Kant’s faith in moral progress was popular in the nineteenth century (think of Auguste Comte’s Positivism and various branches of Hegelianism), but it is not likely to be promoted with much conviction any more. If you were to show any signs of moral optimism today you would be mocked as the dupe of political boosterism or moral grade-inflation, and friends would try to re-educate you with a catalogue of ferocious wars, futile revolutions and murderous regimes, topped off with some sad sagacity about the destructiveness and deceitfulness of human nature. The old proverb about pride applies to moral optimism as well, or so you would be told: hope comes before a fall.
But pessimists too can be guilty of narcissistic bad faith. If you want to be admired for moral perspicacity, all you need do is cultivate a habit of indignation and dismay: if you can see vice where others find nothing but virtue, or degeneracy where they see improvement, or corruption where they see probity, you can become a Person of Principle at no cost to yourself, while everyone else will look like a tiresome Trimmer, an exasperating Polyanna or an impermeable Pangloss. “Men are fond of murmuring,” as Voltaire once put it; “there is a pleasure in complaining,” he said, and “we delight in viewing only evil and exaggerating it.”
As a matter of fact, moral optimism is not as dead as you might think: it often floats to the surface of contemporary common sense without occasioning much comment. When people want to protest at contemporary horrors – torture, say, or forced marriage, human trafficking, or racial violence – they are likely to condemn them as “Victorian”, “medieval”, “primitive” or “antiquated”, while expressing astonishment that they should still be countenanced in the twenty-first century. The notion that the epochs of past time can function as terms of moral opprobrium, or that the present date constitutes some kind of moral standard, testifies to a stubborn faith in something like Kant’s doctrine of progress.
On the other hand, optimism is not what it used to be.
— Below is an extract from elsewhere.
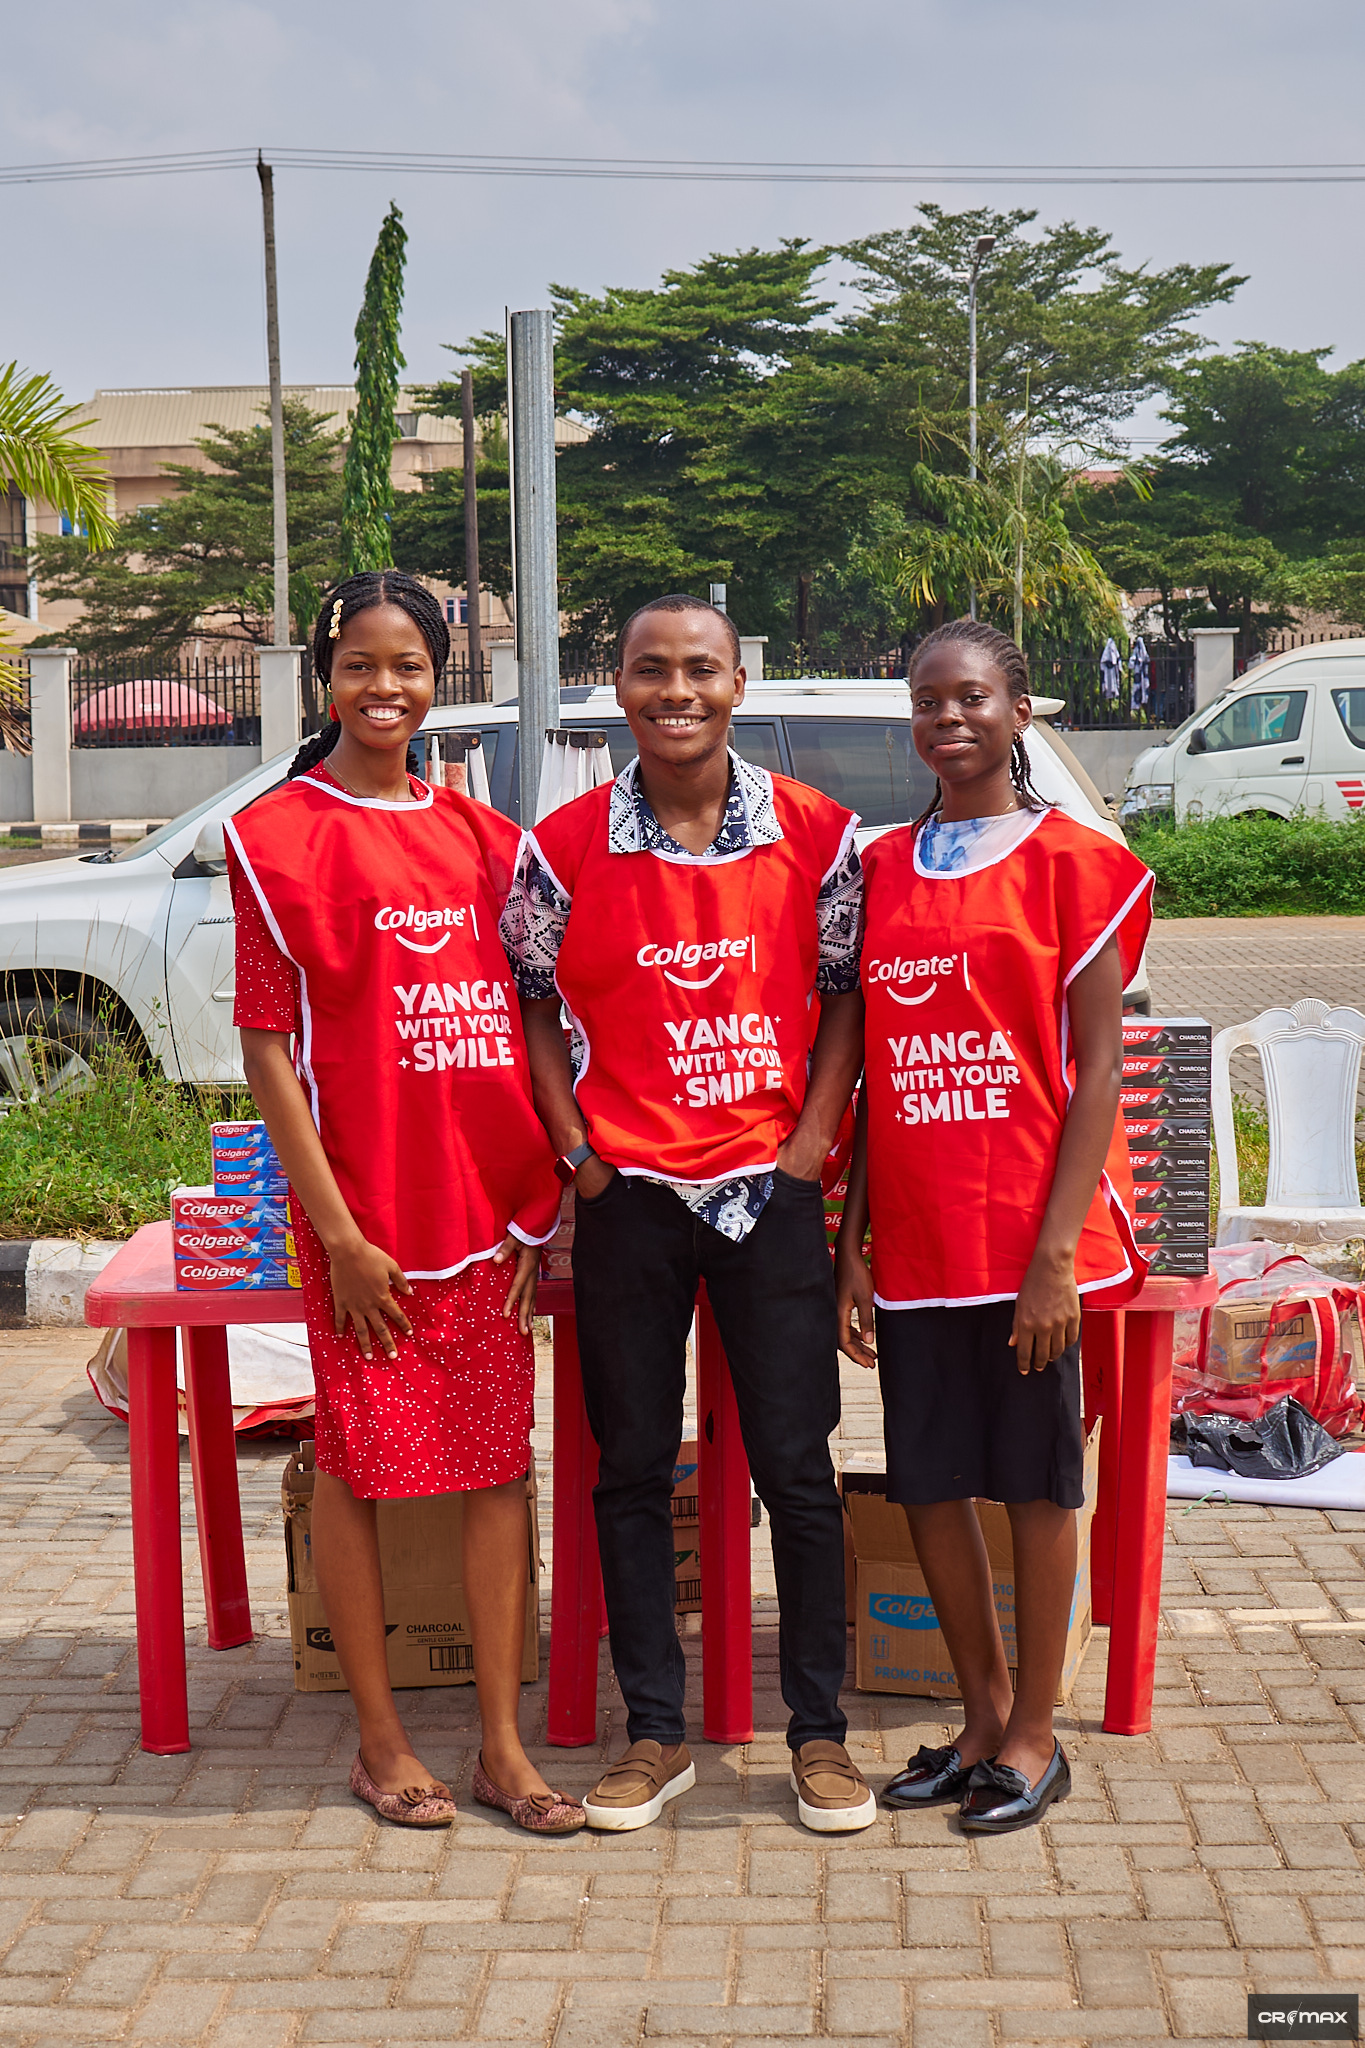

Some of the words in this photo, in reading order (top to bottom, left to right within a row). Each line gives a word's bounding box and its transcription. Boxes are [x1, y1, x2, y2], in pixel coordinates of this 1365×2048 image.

For Kant and his followers, the development of moral knowledge was, like the growth of geometry or arithmetic, simply the gradual articulation of an intuition that had always been present to the mind, if only implicitly. But work on the history of mathematics and the natural sciences since Kant’s time has suggested a rather different perspective: nowadays the growth of knowledge is more likely to be seen – like evolution in the natural world – as the outcome of opportunistic, adventitious and unpredictable adaptation in the face of a barrage of external accidents. Is it possible that moral progress – if there is such a thing – will turn out to conform to the same model?
Throughout the twentieth century, moral philosophers have done their best to push the question of moral change off the intellectual agenda. (The honourable but lonely exception is of course Alasdair MacIntyre.) If you look back to Principia Ethica, which appeared in 1903, you will find G.E. Moore taking it for granted that ethics is concerned with a single unanalysable object called “the good” – a “unique object”, as he says, which is the only thing we can ever really mean when we talk about “goodness”. For Moore, morality, or our intuitive capacity to recognise goodness, was as simple, unanalysable and immutable as the quality itself. There could be no progress in morality as such, apart from throwing out any historical flotsam and jetsam that might have made its way into the clear waters of ethical intuition. “Ethical discussion, hitherto,” he said, “has perhaps consisted chiefly in reasoning of this totally irrelevant kind.” Genuine ethics did not have a history, in Moore’s opinion; only pseudo-ethics did.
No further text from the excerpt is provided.